WORK ITEM:
Down to the last line, transcribe the records verbatim and exclude the images.

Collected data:
○ ○ ○ ○ ○

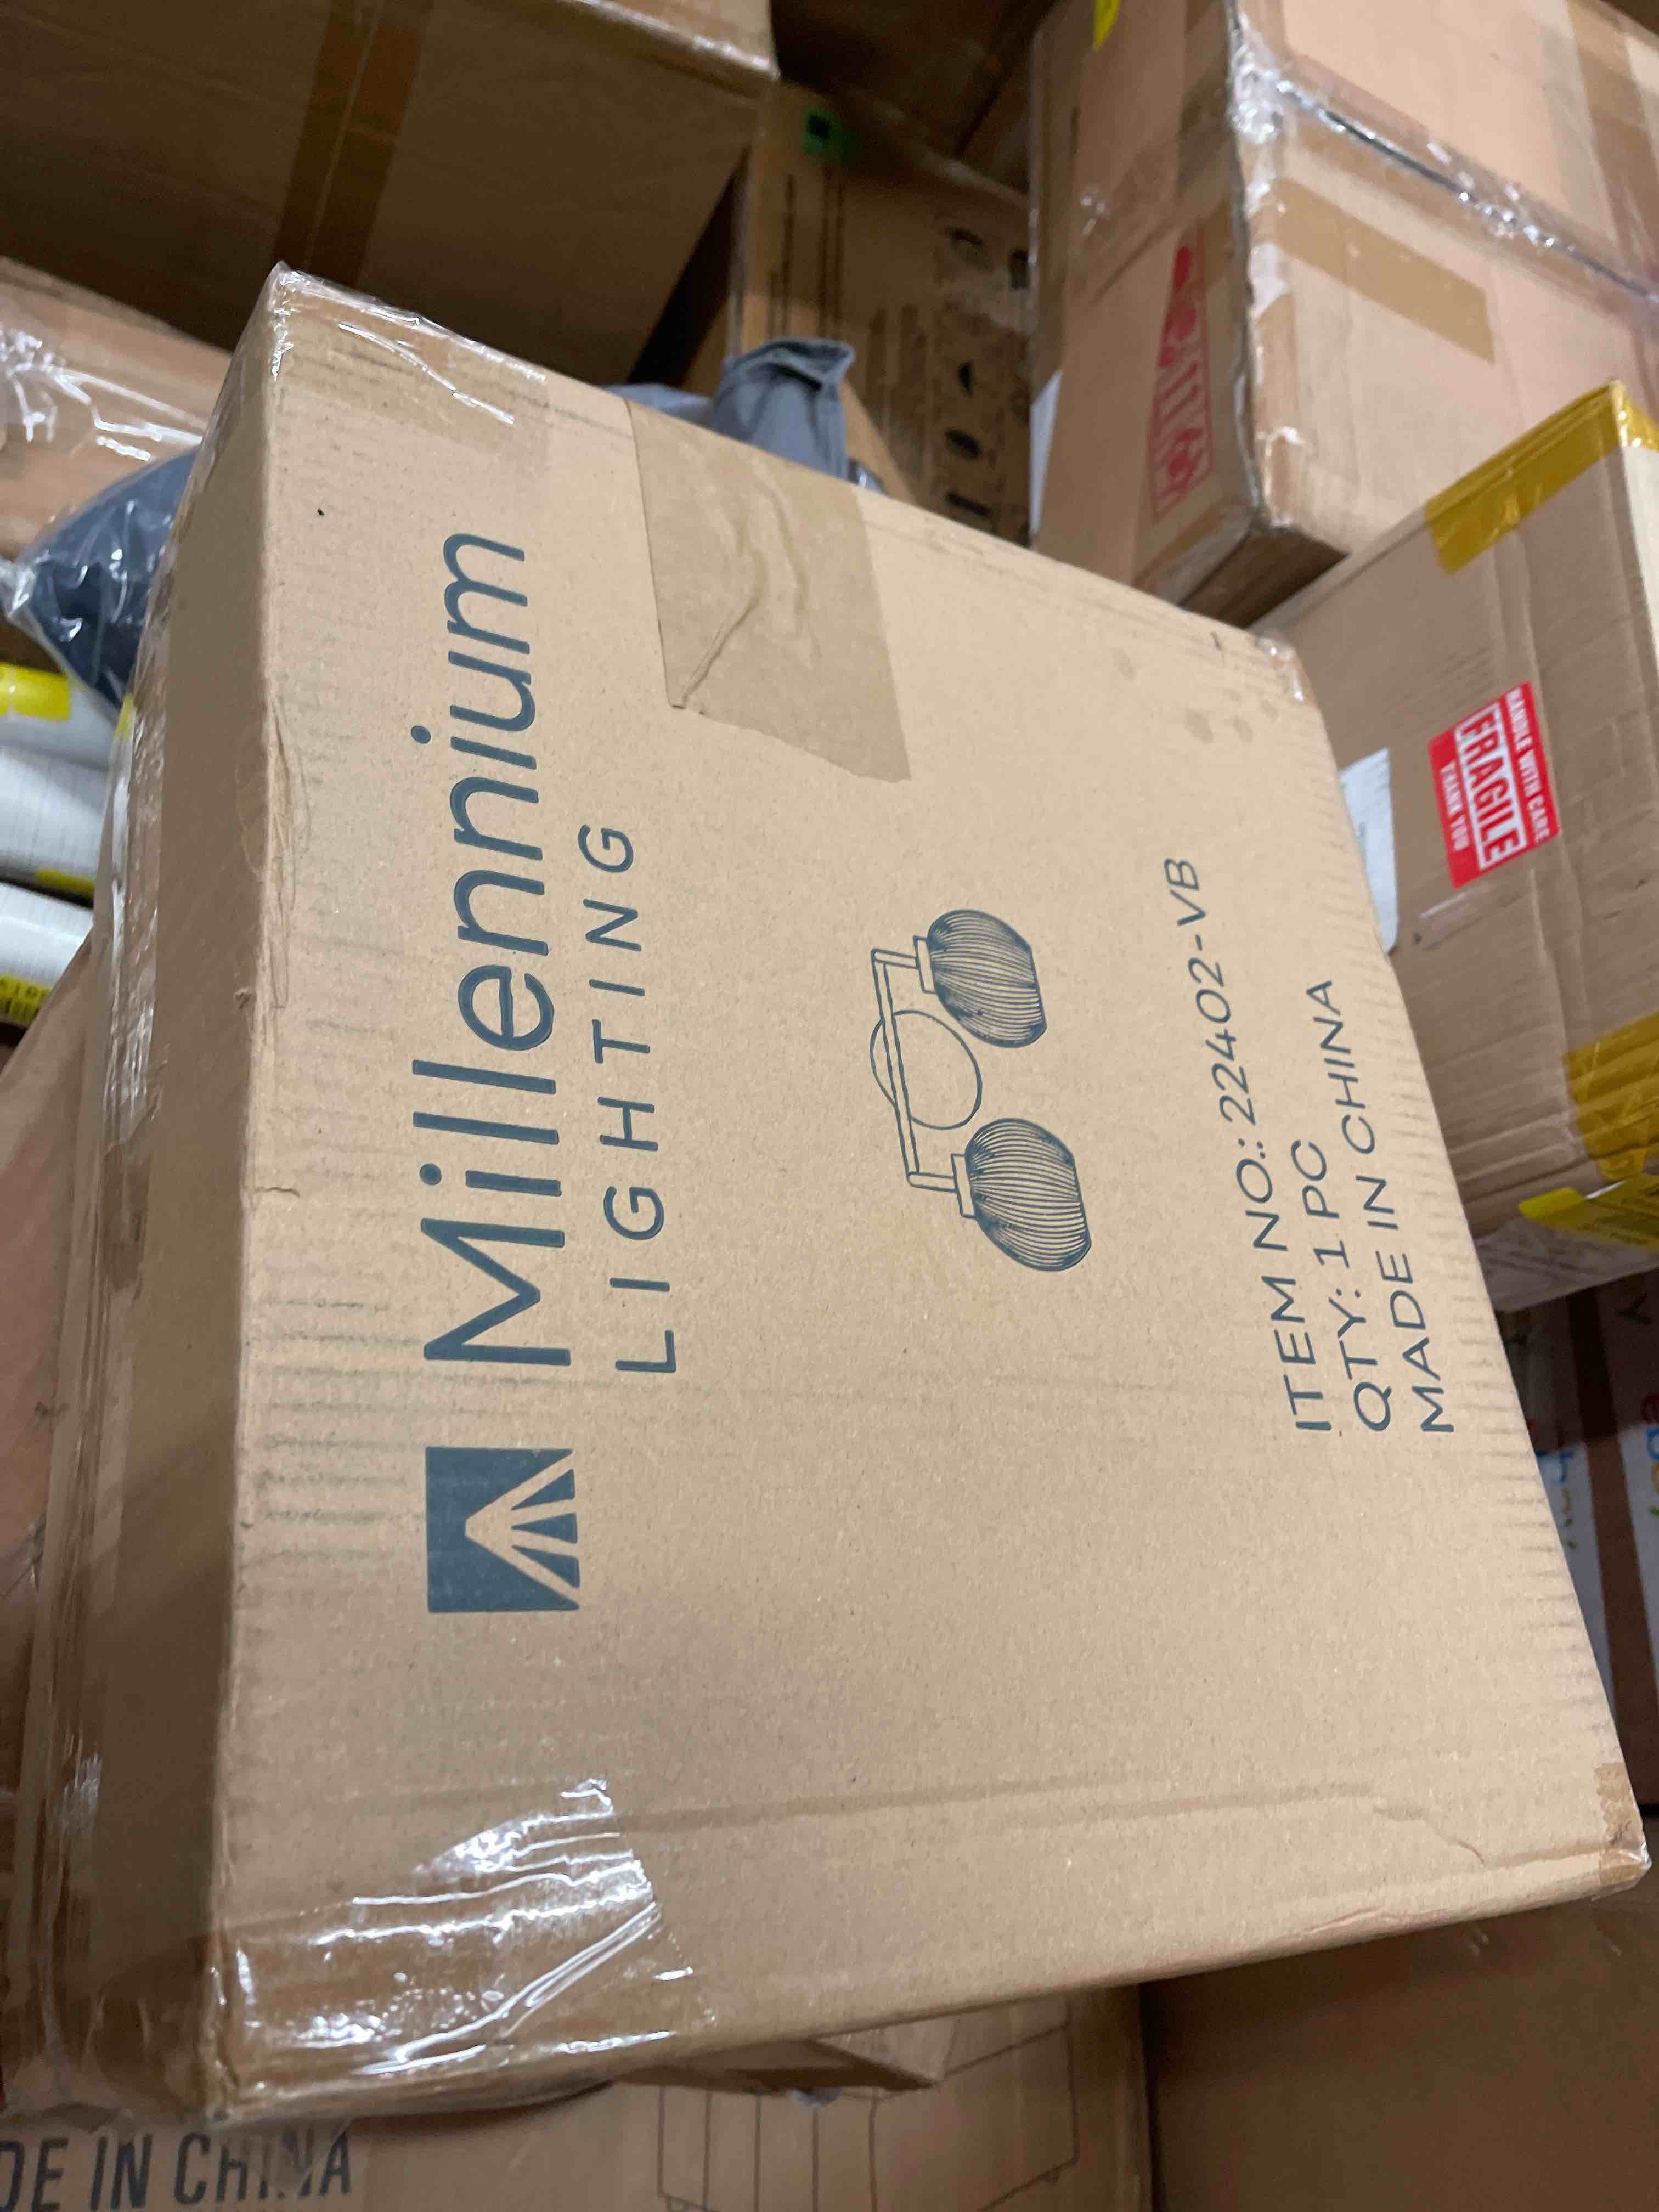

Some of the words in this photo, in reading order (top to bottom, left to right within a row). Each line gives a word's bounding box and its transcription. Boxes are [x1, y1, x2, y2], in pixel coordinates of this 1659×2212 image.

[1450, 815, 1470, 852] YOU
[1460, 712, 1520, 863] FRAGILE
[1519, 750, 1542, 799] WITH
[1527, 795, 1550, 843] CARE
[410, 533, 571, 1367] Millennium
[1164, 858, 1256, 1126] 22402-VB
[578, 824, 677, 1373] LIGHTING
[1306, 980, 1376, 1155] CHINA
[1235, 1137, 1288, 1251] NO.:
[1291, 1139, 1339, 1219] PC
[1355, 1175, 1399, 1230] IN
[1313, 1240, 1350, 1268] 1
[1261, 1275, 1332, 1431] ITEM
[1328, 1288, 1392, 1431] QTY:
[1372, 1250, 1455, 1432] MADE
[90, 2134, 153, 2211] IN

○ ○ ○ ○ ○

REPLY TO THE EXERCISE:
Some of the words in this photo, in reading order (top to bottom, left to right within a row). Each line gives a word's bounding box and its transcription. Boxes are [x1, y1, x2, y2], in pixel coordinates of this 1659×2212 image.

[1450, 815, 1470, 852] YOU
[1460, 712, 1520, 863] FRAGILE
[1519, 750, 1542, 799] WITH
[1527, 795, 1550, 843] CARE
[410, 533, 571, 1367] Millennium
[1164, 858, 1256, 1126] 22402-VB
[578, 824, 677, 1373] LIGHTING
[1306, 980, 1376, 1155] CHINA
[1235, 1137, 1288, 1251] NO.:
[1291, 1139, 1339, 1219] PC
[1355, 1175, 1399, 1230] IN
[1313, 1240, 1350, 1268] 1
[1261, 1275, 1332, 1431] ITEM
[1328, 1288, 1392, 1431] QTY:
[1372, 1250, 1455, 1432] MADE
[90, 2134, 153, 2211] IN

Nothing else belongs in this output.